**Activity:** Output only an exact transcription of the line containing "this 1500×994 image." and all lines that follow it in the data below.

[Dataset entries]
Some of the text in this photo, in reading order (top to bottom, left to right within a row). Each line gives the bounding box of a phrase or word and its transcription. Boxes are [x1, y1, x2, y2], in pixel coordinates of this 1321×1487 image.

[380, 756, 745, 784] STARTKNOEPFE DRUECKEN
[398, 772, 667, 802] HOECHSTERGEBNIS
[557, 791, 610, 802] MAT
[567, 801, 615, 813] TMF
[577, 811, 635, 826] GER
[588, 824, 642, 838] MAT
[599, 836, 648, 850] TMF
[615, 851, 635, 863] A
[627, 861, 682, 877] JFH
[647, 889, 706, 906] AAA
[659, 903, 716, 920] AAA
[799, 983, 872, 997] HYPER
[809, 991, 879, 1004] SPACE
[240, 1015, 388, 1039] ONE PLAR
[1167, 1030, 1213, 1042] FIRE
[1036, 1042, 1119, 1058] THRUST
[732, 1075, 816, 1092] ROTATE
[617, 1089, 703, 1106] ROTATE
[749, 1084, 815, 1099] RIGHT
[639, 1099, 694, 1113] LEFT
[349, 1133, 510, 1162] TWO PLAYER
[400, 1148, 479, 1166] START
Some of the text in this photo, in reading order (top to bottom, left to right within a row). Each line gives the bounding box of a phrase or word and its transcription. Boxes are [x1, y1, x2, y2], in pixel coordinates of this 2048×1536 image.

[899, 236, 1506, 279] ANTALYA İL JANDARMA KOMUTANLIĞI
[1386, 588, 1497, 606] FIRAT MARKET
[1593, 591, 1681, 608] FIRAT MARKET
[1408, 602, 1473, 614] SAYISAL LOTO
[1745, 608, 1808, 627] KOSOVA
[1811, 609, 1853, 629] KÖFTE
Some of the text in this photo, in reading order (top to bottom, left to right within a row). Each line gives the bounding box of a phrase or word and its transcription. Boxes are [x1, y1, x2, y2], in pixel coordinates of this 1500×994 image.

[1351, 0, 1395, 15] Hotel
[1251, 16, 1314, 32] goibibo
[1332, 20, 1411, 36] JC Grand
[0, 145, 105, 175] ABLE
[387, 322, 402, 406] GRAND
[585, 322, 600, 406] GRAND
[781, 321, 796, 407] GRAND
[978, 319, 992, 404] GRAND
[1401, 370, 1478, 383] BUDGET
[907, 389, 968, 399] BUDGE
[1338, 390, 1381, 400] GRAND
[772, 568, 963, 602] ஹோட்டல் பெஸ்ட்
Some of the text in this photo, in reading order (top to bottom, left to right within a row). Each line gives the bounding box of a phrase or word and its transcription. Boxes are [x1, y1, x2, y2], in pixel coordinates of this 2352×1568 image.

**Result:**
Some of the text in this photo, in reading order (top to bottom, left to right within a row). Each line gives the bounding box of a phrase or word and its transcription. Boxes are [x1, y1, x2, y2], in pixel coordinates of this 1500×994 image.

[1351, 0, 1395, 15] Hotel
[1251, 16, 1314, 32] goibibo
[1332, 20, 1411, 36] JC Grand
[0, 145, 105, 175] ABLE
[387, 322, 402, 406] GRAND
[585, 322, 600, 406] GRAND
[781, 321, 796, 407] GRAND
[978, 319, 992, 404] GRAND
[1401, 370, 1478, 383] BUDGET
[907, 389, 968, 399] BUDGE
[1338, 390, 1381, 400] GRAND
[772, 568, 963, 602] ஹோட்டல் பெஸ்ட்
Some of the text in this photo, in reading order (top to bottom, left to right within a row). Each line gives the bounding box of a phrase or word and its transcription. Boxes are [x1, y1, x2, y2], in pixel coordinates of this 2352×1568 image.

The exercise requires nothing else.